• _WORK REQUEST_: Type the data below again exactly. Omit all pictures.

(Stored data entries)
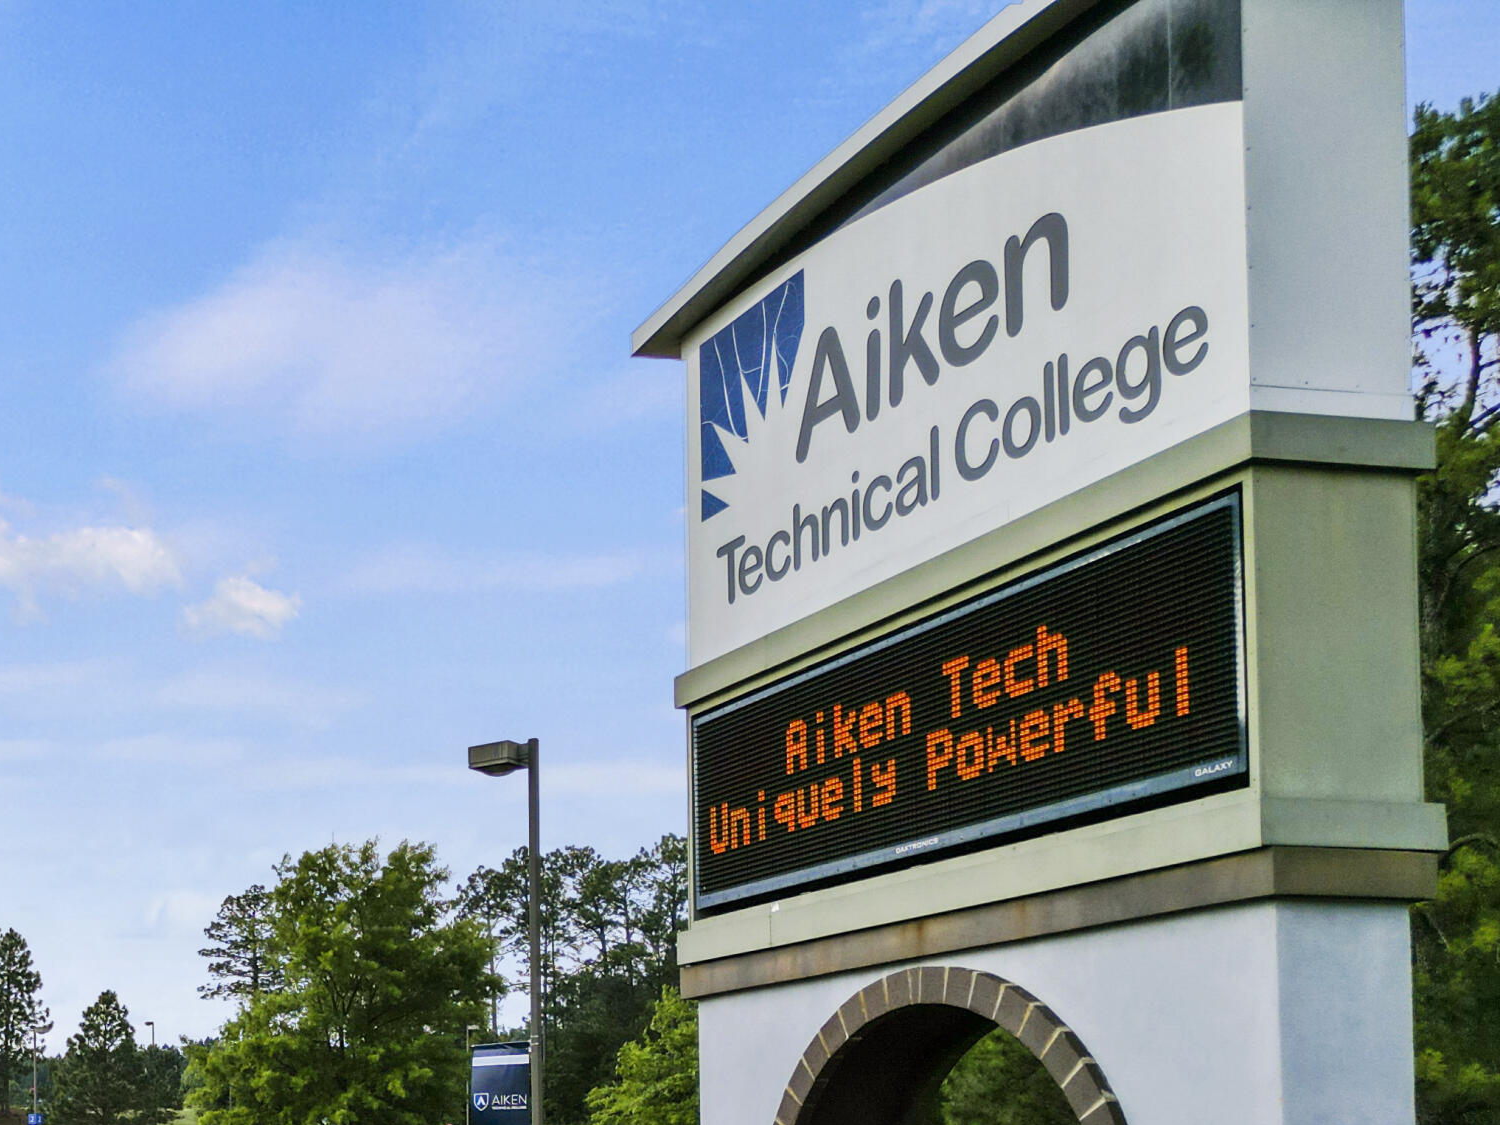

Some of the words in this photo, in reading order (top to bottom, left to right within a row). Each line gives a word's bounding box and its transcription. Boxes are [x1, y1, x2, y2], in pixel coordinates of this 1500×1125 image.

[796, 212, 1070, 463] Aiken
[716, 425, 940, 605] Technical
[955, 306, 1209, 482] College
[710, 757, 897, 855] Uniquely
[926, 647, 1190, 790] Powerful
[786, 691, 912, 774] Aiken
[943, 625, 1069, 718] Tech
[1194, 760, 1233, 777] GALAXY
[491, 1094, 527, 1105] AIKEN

• _EXERCISE RESULT_:
Some of the words in this photo, in reading order (top to bottom, left to right within a row). Each line gives a word's bounding box and its transcription. Boxes are [x1, y1, x2, y2], in pixel coordinates of this 1500×1125 image.

[796, 212, 1070, 463] Aiken
[716, 425, 940, 605] Technical
[955, 306, 1209, 482] College
[710, 757, 897, 855] Uniquely
[926, 647, 1190, 790] Powerful
[786, 691, 912, 774] Aiken
[943, 625, 1069, 718] Tech
[1194, 760, 1233, 777] GALAXY
[491, 1094, 527, 1105] AIKEN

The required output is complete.